Mini-Batch Gradient Descent

Gradient Descent Algorithm: 11 Part(s)

Introduction

In the [Batch Gradient Descent] post, we have discussed that the intercept and the coefficient are updated after the algorithm has seen the entire dataset.

In this post, we will discuss the Mini-Batch Gradient Descent (MBGD) algorithm. MBGD is quite similar to BGD, but the only difference is that the parameters are updated after seeing a subset of the dataset.

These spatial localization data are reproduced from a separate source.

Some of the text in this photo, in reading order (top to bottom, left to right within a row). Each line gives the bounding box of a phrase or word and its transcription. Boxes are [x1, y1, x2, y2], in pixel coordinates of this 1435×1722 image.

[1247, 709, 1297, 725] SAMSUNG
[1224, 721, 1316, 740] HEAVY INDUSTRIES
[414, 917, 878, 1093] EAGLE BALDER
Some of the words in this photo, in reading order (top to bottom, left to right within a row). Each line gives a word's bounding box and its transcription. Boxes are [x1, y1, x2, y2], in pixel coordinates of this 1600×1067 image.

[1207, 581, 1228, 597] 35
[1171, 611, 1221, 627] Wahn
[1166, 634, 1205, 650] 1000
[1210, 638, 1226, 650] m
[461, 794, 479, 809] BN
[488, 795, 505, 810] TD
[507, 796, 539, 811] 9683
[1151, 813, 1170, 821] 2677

Mathematics of Mini-Batch Gradient Descent

The parameter update rule is expressed as

\theta = \theta - \alpha \nabla_{\theta} J(\theta; x^{i:i+n}; y^{i:i+n})

where

$\theta$ is the parameter vector
$\alpha$ is the learning rate
$J(\theta; x^{i:i+n}; y^{i:i+n})$ is the cost function
$\nabla_{\theta} J(\theta; x^{i:i+n}; y^{i:i+n})$ is the gradient of the cost function
$x^{i:i+n}$ is the subset of the dataset
$y^{i:i+n}$ is the subset of the target variable

The gradient of the cost function w.r.t. to the intercept $\theta_0$ and the coefficient $\theta_1$ are expressed as the following.

\begin{aligned} \nabla_{\theta_0} J(\theta) &= \frac{1}{n} \sum_{i=1}^N (\hat{y}_i - y_i) \\ \nabla_{\theta_1} J(\theta) &= \frac{1}{n} \sum_{i=1}^N (\hat{y}_i - y_i) x \\ \end{aligned}

where $n$ is the batch size.

Notice that the gradient of the cost function w.r.t. to the intercept $\theta_0$ is the prediction error.

For more details, please refer to the Mathematics of Gradient Descent post.

Implementation of Mini-Batch Gradient Descent

First, define the predict and create_batches functions.

def predict(intercept, coefficient, dataset):
  return np.array([intercept + coefficient * x for x in dataset])
 
def create_batches(x, y, batch_size):
  x_batches = np.array_split(x, len(x) // batch_size)
  y_batches = np.array_split(y, len(y) // batch_size)
  return x_batches, y_batches

Second, split the dataset into mini batches.

x_batches, y_batches = create_batches(x, y, batch_size)

Third, determine the prediction error of each mini batch and the gradient of the cost function w.r.t the intercept $\theta_0$ and the coefficient $\theta_1$ .

predictions = predict(intercept, coefficient, batch_x)
error = predictions - y
intercept_gradient = np.sum(error) / batch_size
coefficient_gradient = np.sum(error * x) / batch_size

Lastly, update the intercept $\theta_0$ and the coefficient $\theta_1$ .

intercept = intercept - alpha * intercept_gradient
coefficient = coefficient - alpha * coefficient_gradient

Conclusion

The change of the regression line over time with 64 batch size The effect of batch sizes on the cost function

From the graph above, we can see that the cost function line is less noisy, or smoother, when the batch size is larger. Thus, 50 to 256 is a good range for the batch size. However, it really depends on the hardware of the machine and the size of the dataset.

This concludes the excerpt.